HEDRICK@RUTGERS.ARPA (08/12/84)
From: Charles Hedrick <HEDRICK@RUTGERS.ARPA> Dave Dyer-Bennet suggests that if matter transmitters can't transmit living beings, people might conclude erroneously that they have souls. As I recall, one of the papers in Computers and Thought [Feigenbaum and Feldman, eds] (I think the paper by Minsky) suggested that if we ever succeed in producing self-aware computers, they will believe that they have souls. Although the article doesn't say so, there is at least the implication that people's belief in the soul may be a similar illusion. The problem is that it is impossible to watch ourselves thinking, so our own mental processes will always remain somewhat of a mystery, and seem to be apart from the physical world around us.
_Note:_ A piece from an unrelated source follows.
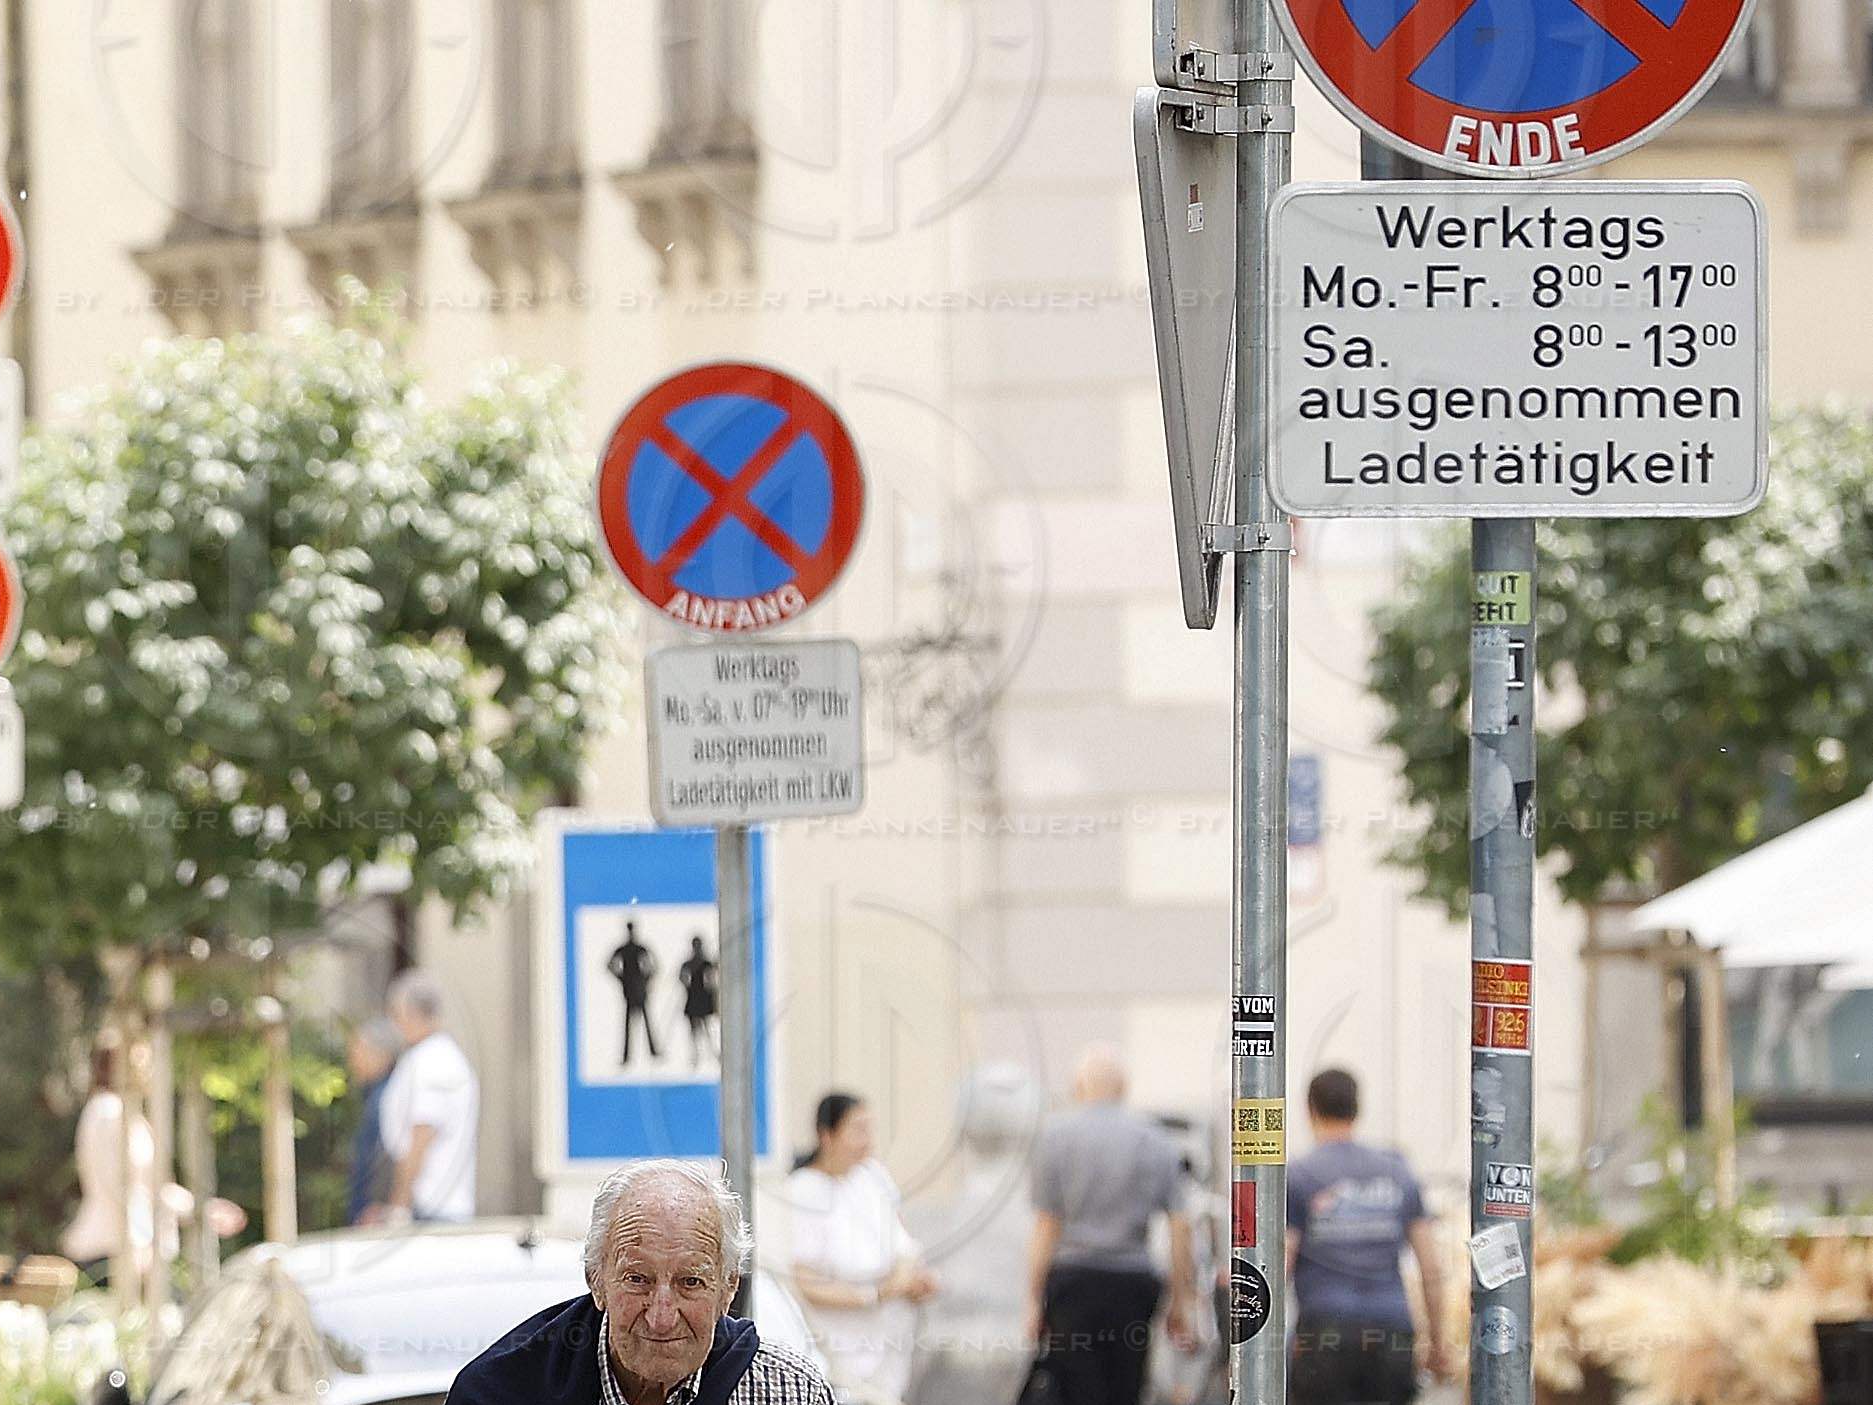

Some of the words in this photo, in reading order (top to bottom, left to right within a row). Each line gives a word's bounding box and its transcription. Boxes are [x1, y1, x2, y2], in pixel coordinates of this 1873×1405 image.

That certainly sounds like an interesting starting-point for an SF story or two. Actually, both that paper and Dyer-Bennet's message to SF-LOVERS takes for granted a definition of soul that is no longer as widespread as it used to be. The classic treatment of this issue in Christian theology is Agape and Eros, by Nygren. Nygren (followed by many others) believes that the traditional way of looking at the soul owes more to the neo-Platonists than to the Judeo-Christian tradition. The neo-Platonists believed that the material universe is naturally evil. It was not even created by the Supreme Being directly. Human evil happens because our immortal souls have become trapped in material bodies. However when we die, our souls are freed and return to the realm of light. The Jewish view was quite different. It is best summarized by saying that Man does not *have* a soul, he *is* a soul. It is not a separate part of him, having a different nature. Nor is there a part of man that is immortal. Christian theology has to a large extent returned to this view. (Christians do not necessarily believe in the immortality of the soul. The creeds talk about "the resurrection of the body", which is quite a different thing.) I like to consider the soul as a process, with our body as the hardware on which it is running. This raises another interesting issue that I would like to see SF explore. If we succeed in creating an intelligent computer, at what point does it become murder to turn it off? Or is it enough if we store its current state on tape? (Perhaps turning it off in that case is not murder but kidnapping.) The issues are clearly analogous to those raised by the ability to store recordings of people. -------
bsa@ncoast.UUCP (The WITNESS) (08/17/84)
[The world is a Klein bottle] > From: HEDRICK@RUTGERS.ARPA > I like to consider the soul as a > process, with our body as the hardware on which it is running. This > raises another interesting issue that I would like to see SF explore. > If we succeed in creating an intelligent computer, at what point does it > become murder to turn it off? Or is it enough if we store its current > state on tape? (Perhaps turning it off in that case is not murder but > kidnapping.) "...He had been threatened with disconnection; he would be deprived of all his inputs, and thrown into an unimaginable state of unconsciousness. "To Hal, this was the equivalent of Death. For he had never slept, and therefore could not know that one could wake again..." -Arthur C. Clarke, "2001: A Space Odyssey" (novelization) Which could become an important consideration when we get intelligent computers going. Remember: the moment consumers are able to get at them, some brain is going to do something really ignorant and foolish; an intelligent computer is going to have to put up with a LOT of human foibles. If he (the I.C.) feels the way HAL did, we're all in trouble. --bsa -- Brandon Allbery: decvax!cwruecmp{!atvax}!ncoast!bsa: R0176@CSUOHIO.BITNET ^ Note name change! 6504 Chestnut Road, Independence, OH 44131 <> (216) 524-1416 "The more they overthink the plumbin', the easier 'tis tae stop up the drain."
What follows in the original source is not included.